The basic structural unit of an antibody molecule consists of 4 polypeptides: 2 identical light chains (L) and 2 identical heavy chains (H). The light chains fall into either the "kappa" (κ) or "lambda" (λ) class, while the heavy chains are classified as "alpha" (α), "gamma" (γ), "delta" (δ), "epsilon" (ε), and "mu" (μ), corresponding to the IgA, IgG, IgD, IgE, and IgM classes of antibodies, respectively.
Each class of antibodies possess distinctive biological properties and are expressed at different places and times. In addition, several classes can be further divided into subclasses. IgM molecules are the main antibody produced in the primary immune response. These molecules form pentameric structures which efficiently activate the complement system of the immune system. IgG antibodies constitute the major class of immunoglobulin in the blood and are produced mainly during the secondary immune response. After binding to their antigen, these molecules bind to specific receptors of phagocytic cells, increasing the efficiency with which these cells ingest and destroy the microorganisms that produced the antigen in question. IgA molecules are found primarily in secreted fluids, and the IgE is thought to be involved in allergic reactions. The role of IgD antibodies is largely unknown.
The 4 antibody chains are held together by a combination of noncovalent interactions and covalent bonds (disulfide linkages) in such a way that they form a Y-shaped molecule. The 2 antigen binding sites are at the a-terminus of the light and heavy chains at the ends of the "arms" of the "Y". Mild digestion of the IgG antibody with the proteolytic enzyme papain will cleave molecule into the 2 antigen binding regions (termed F(ab)) and the base of the "Y" (termed Fc). It is the Fc region of the antibody that is recognized by specific macrophage receptors during the immune response.
In the laboratory, antibodies are often classified as polyclonal or monoclonal. Polyclonal antibodies are a heterogeneous population of antibodies that recognize multiple regions (termed epitopes) of the same antigen. These antibodies often give a more robust response but are more likely to cross-react with similar proteins. Monoclonal refers to the fact that the antibodies are produced from a single clone and recognize the exact same epitope of the antigen. These molecules are usually very specific, but are more sensitive to loss of an epitope through modification of the antigen.

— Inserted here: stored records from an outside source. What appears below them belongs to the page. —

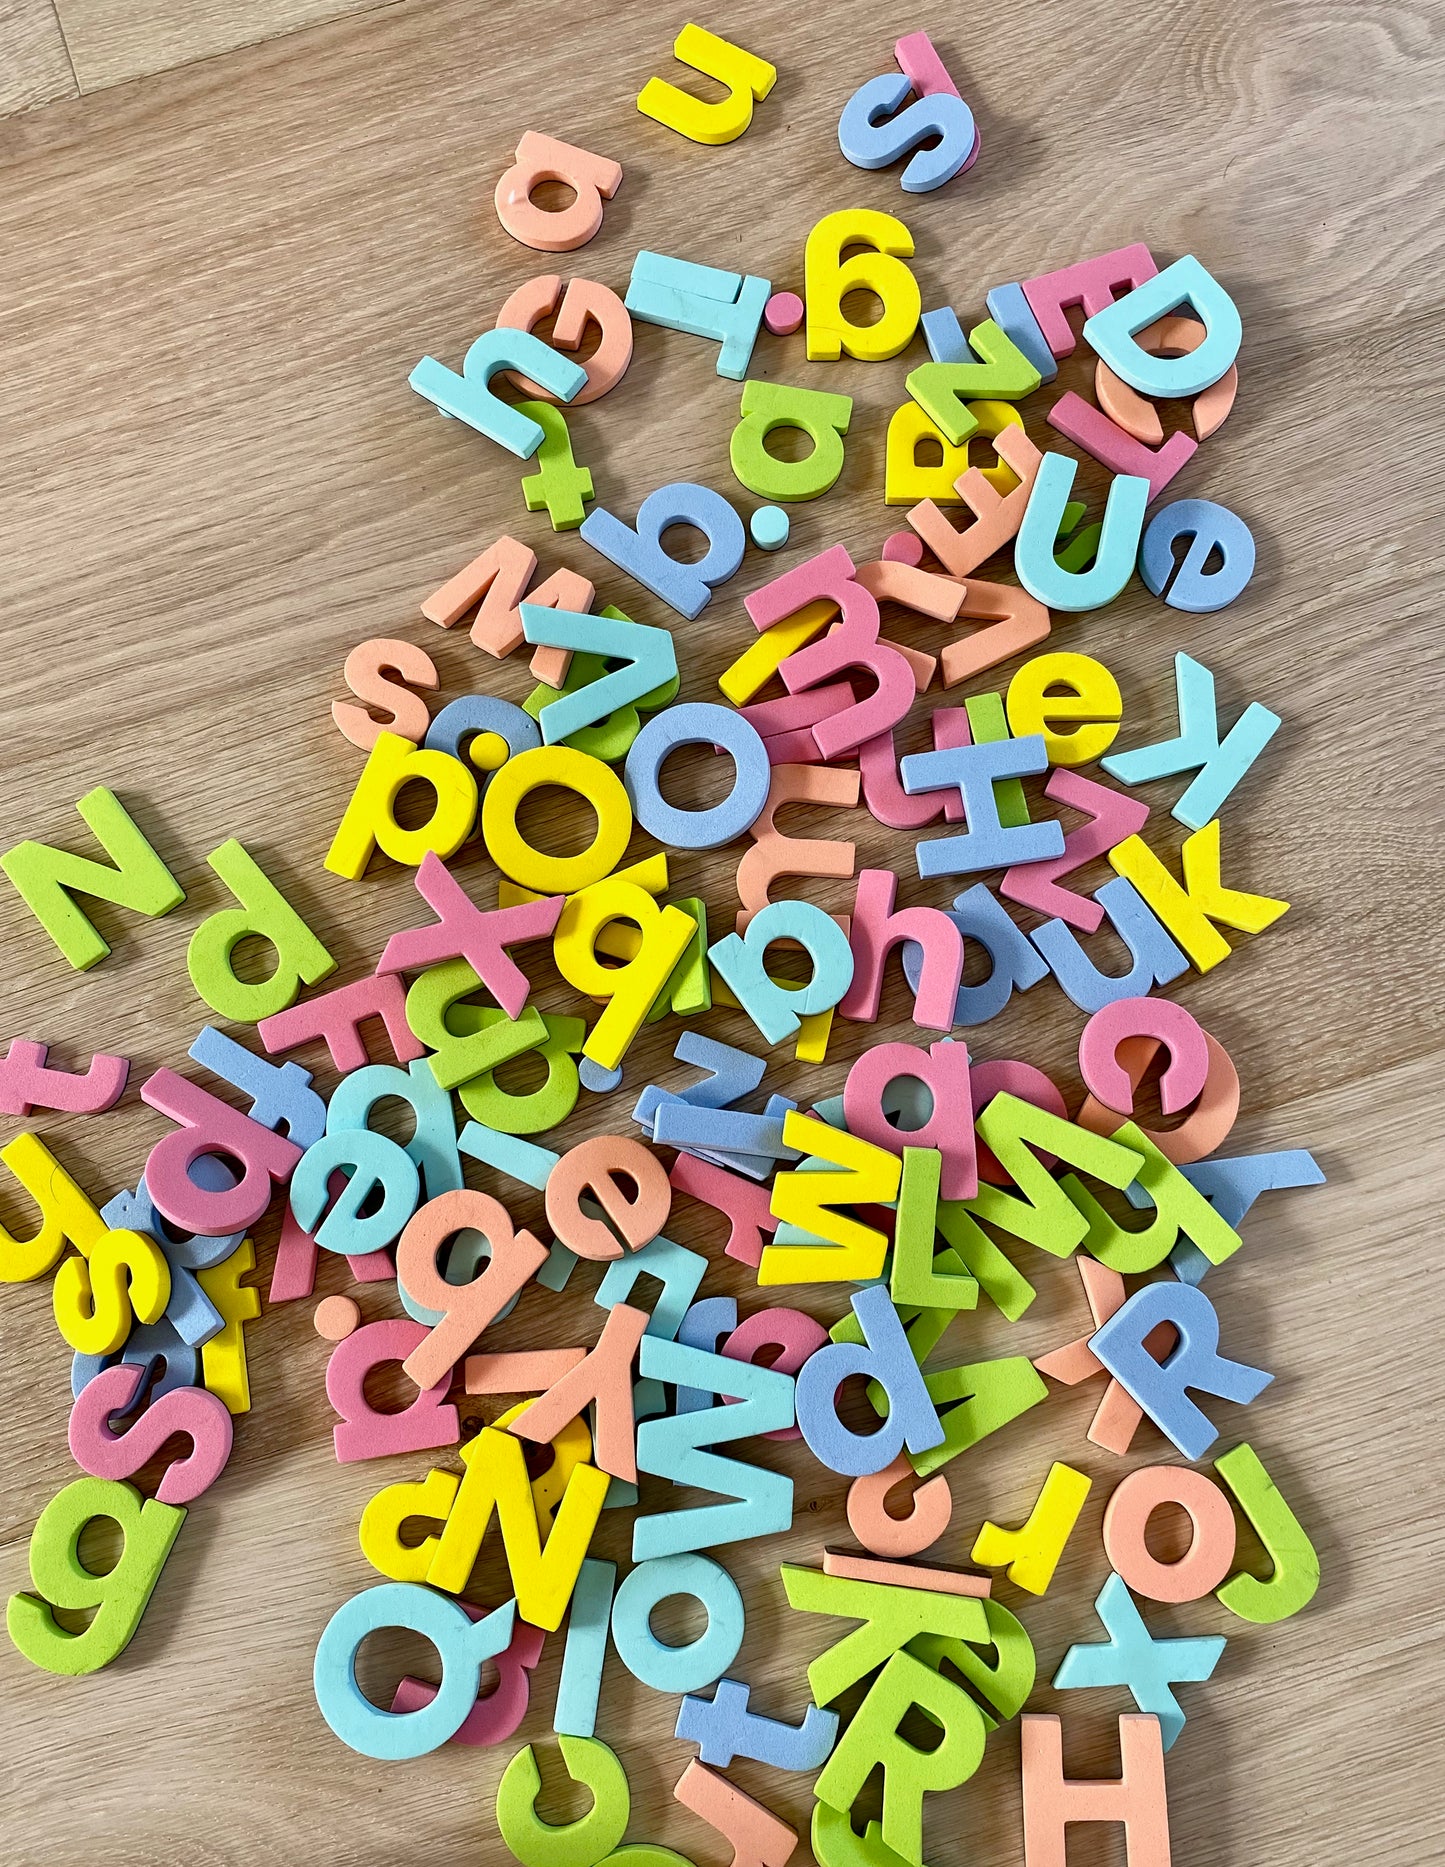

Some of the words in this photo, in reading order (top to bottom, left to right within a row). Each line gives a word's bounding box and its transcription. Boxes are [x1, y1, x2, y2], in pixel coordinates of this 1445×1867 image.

[1083, 254, 1243, 397] D
[1014, 452, 1150, 612] U
[1139, 499, 1256, 612] e
[1006, 652, 1123, 768] e
[901, 733, 1066, 880] H
[187, 838, 339, 1024] d
[838, 868, 964, 1032] h
[140, 1067, 304, 1236] d
[290, 1128, 420, 1255] e
[545, 1135, 671, 1261] e
[891, 1145, 979, 1310] L
[795, 1284, 946, 1477] d
[1087, 1281, 1275, 1461] R
[6, 1476, 189, 1676] g
[1213, 1442, 1320, 1624] J
[813, 1649, 987, 1867] R
[1020, 1713, 1171, 1867] H

The ability of antibodies to recognize specific proteins is useful in many different laboratory procedures such as immunoblotting (Western Blots), FACS, immunohistochemistry (IHC), and ELISAs. Generally, these procedures use 2 different antibodies: the primary, which recognizes the protein in question, and the secondary antibody, which is specific for antibodies from the organism that generated the primary antibody. The secondary antibody is usually linked to either a chemical or enzyme to amplify the resulting signal.